Saved data entries
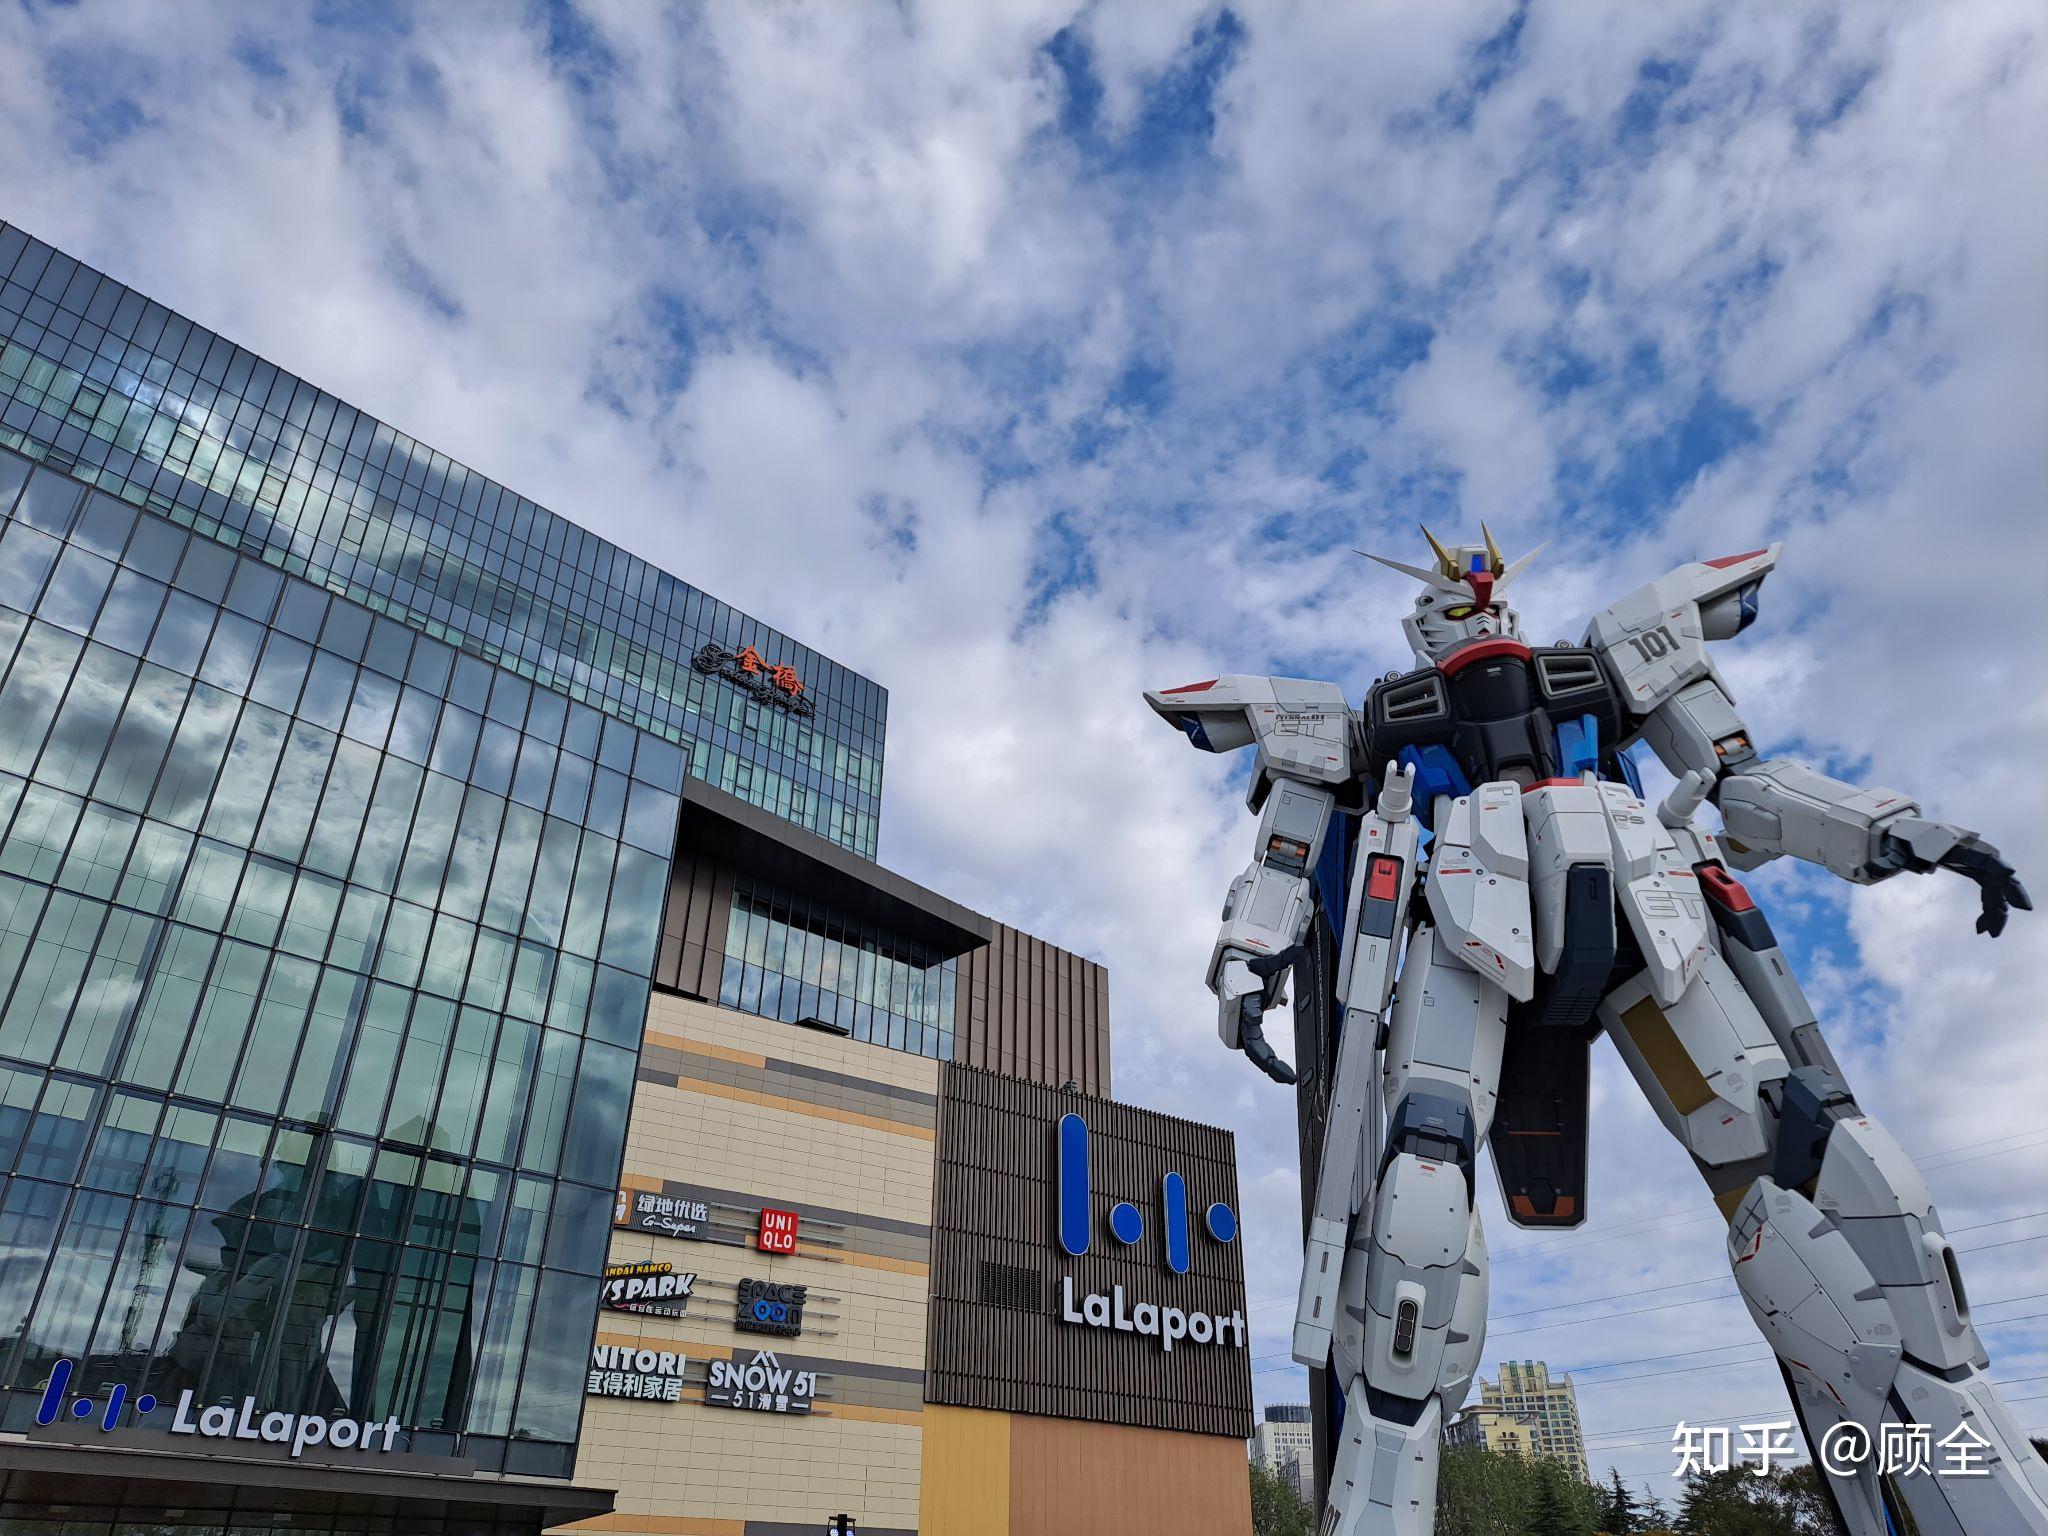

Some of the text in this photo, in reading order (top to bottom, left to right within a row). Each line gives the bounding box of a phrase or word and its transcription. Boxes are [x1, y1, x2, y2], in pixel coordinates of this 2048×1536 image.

[1628, 625, 1681, 663] 101
[637, 1194, 708, 1222] 绿地优选
[765, 1212, 793, 1230] UNI
[642, 1215, 696, 1238] G-Super
[763, 1231, 793, 1249] QLO
[636, 1262, 672, 1274] NAMCO
[1063, 1275, 1245, 1352] LaLaport
[591, 1344, 687, 1376] NITORI
[587, 1369, 683, 1402] 宜得利家居
[709, 1360, 816, 1398] SNOW 51
[171, 1388, 401, 1458] LaLaport
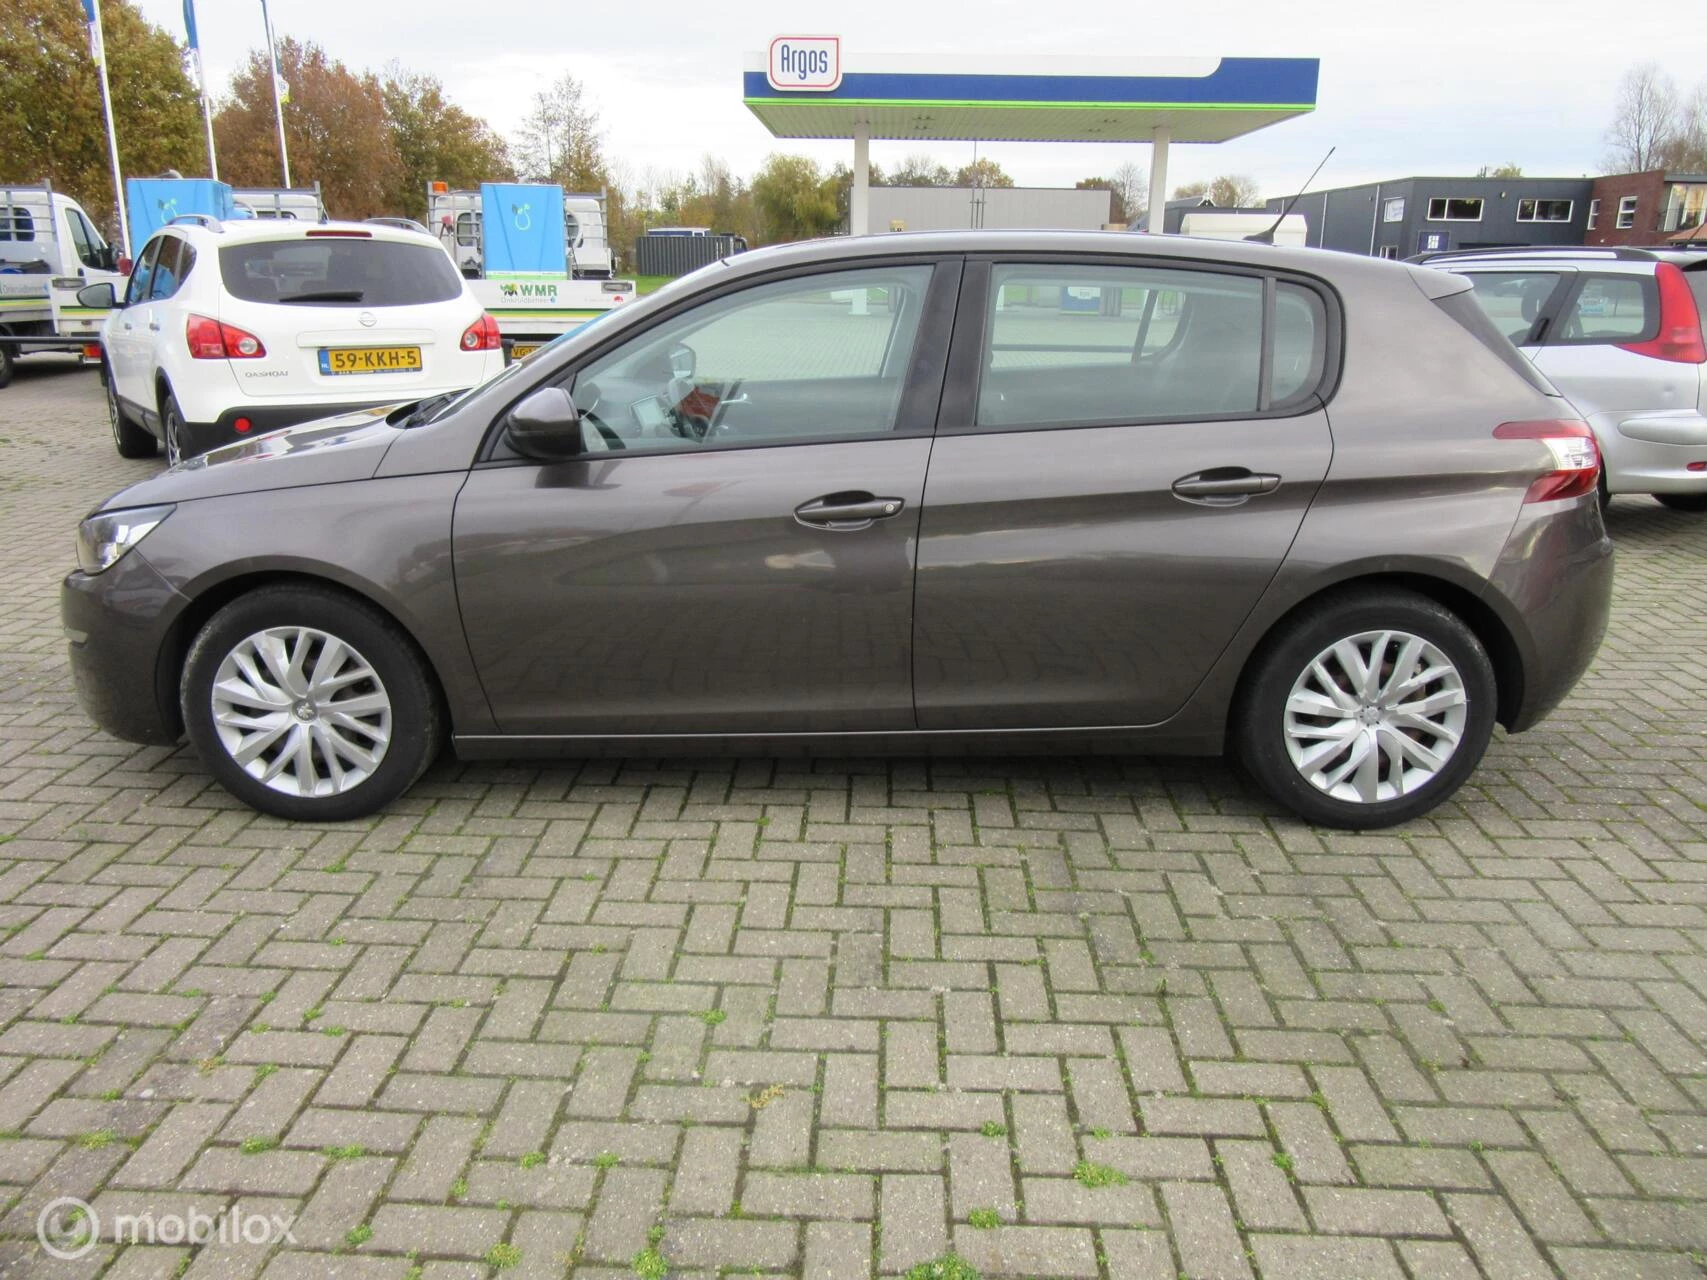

> **The task**
Word for word, restate the records above and drop the pictures.

> **Solved problem**
Some of the text in this photo, in reading order (top to bottom, left to right within a row). Each line gives the bounding box of a phrase or word and its transcription. Boxes are [x1, y1, x2, y2], in pixel coordinates of this 2048×1536 image.

[1628, 625, 1681, 663] 101
[637, 1194, 708, 1222] 绿地优选
[765, 1212, 793, 1230] UNI
[642, 1215, 696, 1238] G-Super
[763, 1231, 793, 1249] QLO
[636, 1262, 672, 1274] NAMCO
[1063, 1275, 1245, 1352] LaLaport
[591, 1344, 687, 1376] NITORI
[587, 1369, 683, 1402] 宜得利家居
[709, 1360, 816, 1398] SNOW 51
[171, 1388, 401, 1458] LaLaport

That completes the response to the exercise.